:: Brief ::
The copy you return must match the listing word for word and carry no pictures.

:: Data for review ::
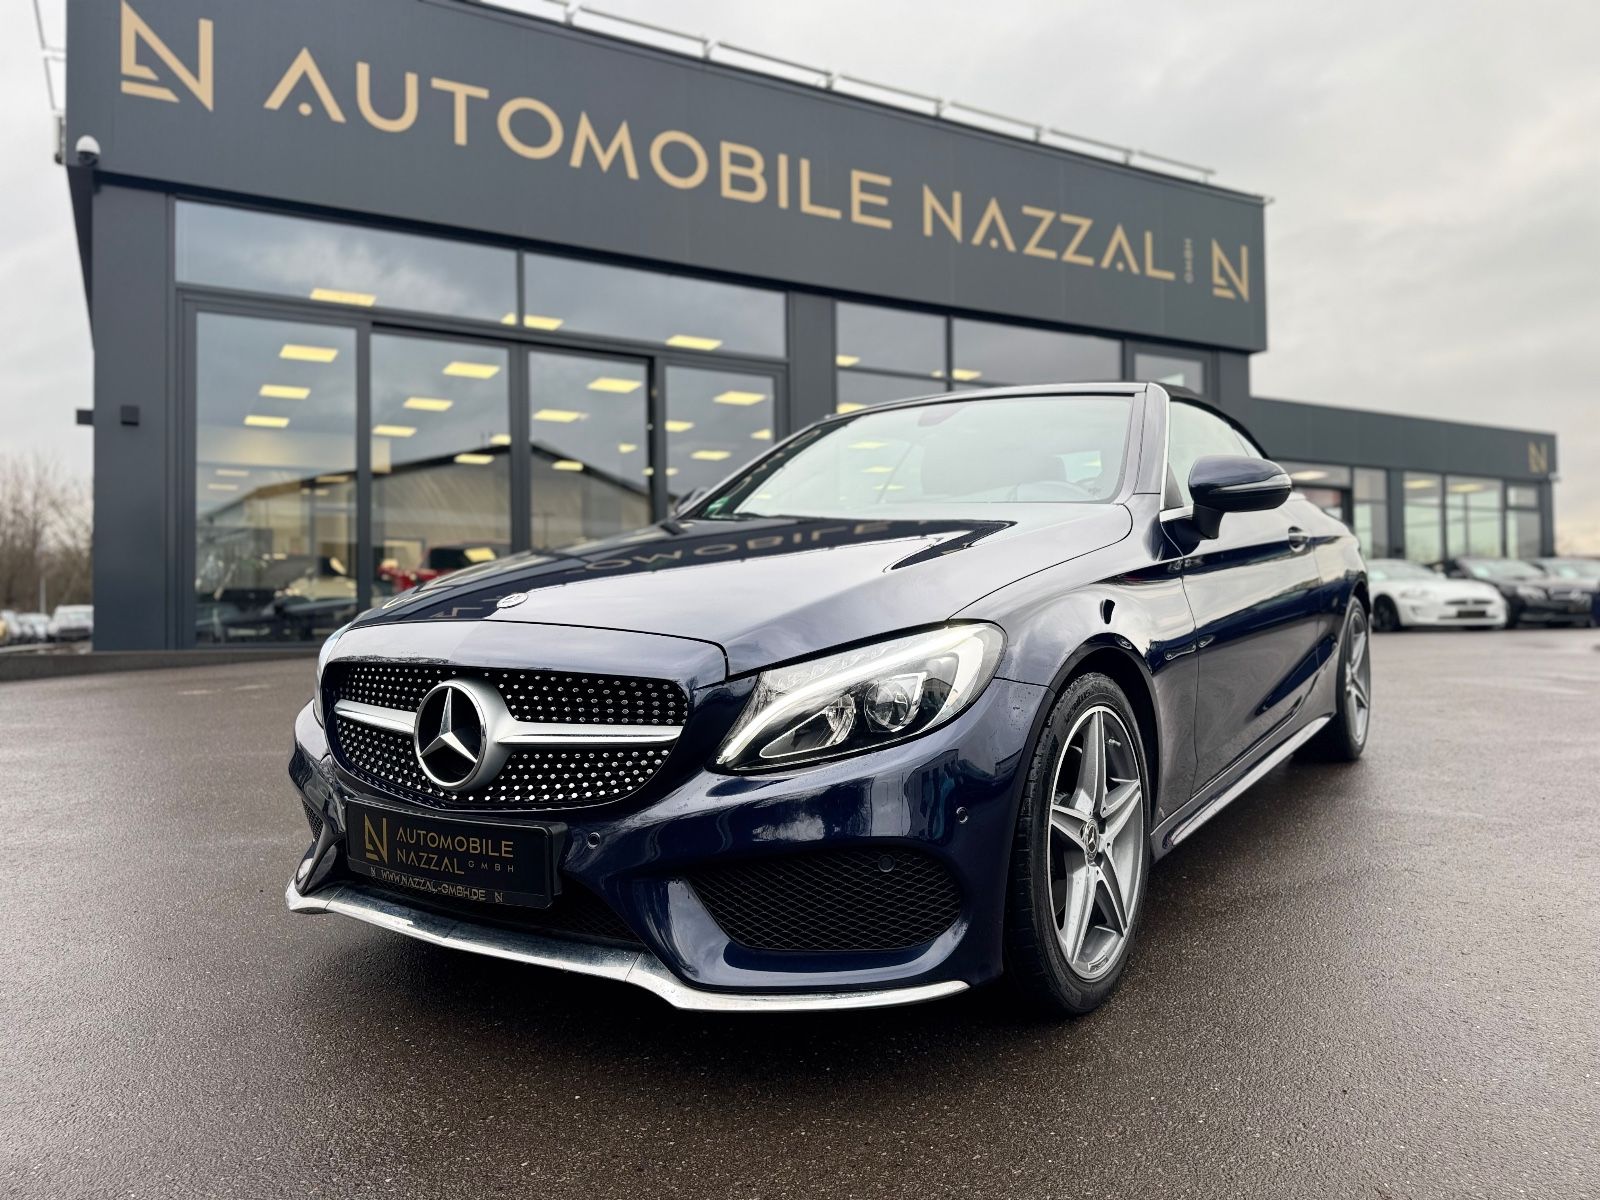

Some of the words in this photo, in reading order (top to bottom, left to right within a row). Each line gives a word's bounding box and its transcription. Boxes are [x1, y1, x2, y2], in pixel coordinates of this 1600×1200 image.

[263, 46, 893, 231] AUTOMOBILE
[922, 184, 1176, 281] NAZZAL
[397, 827, 514, 858] AUTOMOBILE
[397, 849, 465, 875] NAZZAL
[468, 860, 514, 873] GMBH

:: Response to this task ::
Some of the words in this photo, in reading order (top to bottom, left to right within a row). Each line gives a word's bounding box and its transcription. Boxes are [x1, y1, x2, y2], in pixel coordinates of this 1600×1200 image.

[263, 46, 893, 231] AUTOMOBILE
[922, 184, 1176, 281] NAZZAL
[397, 827, 514, 858] AUTOMOBILE
[397, 849, 465, 875] NAZZAL
[468, 860, 514, 873] GMBH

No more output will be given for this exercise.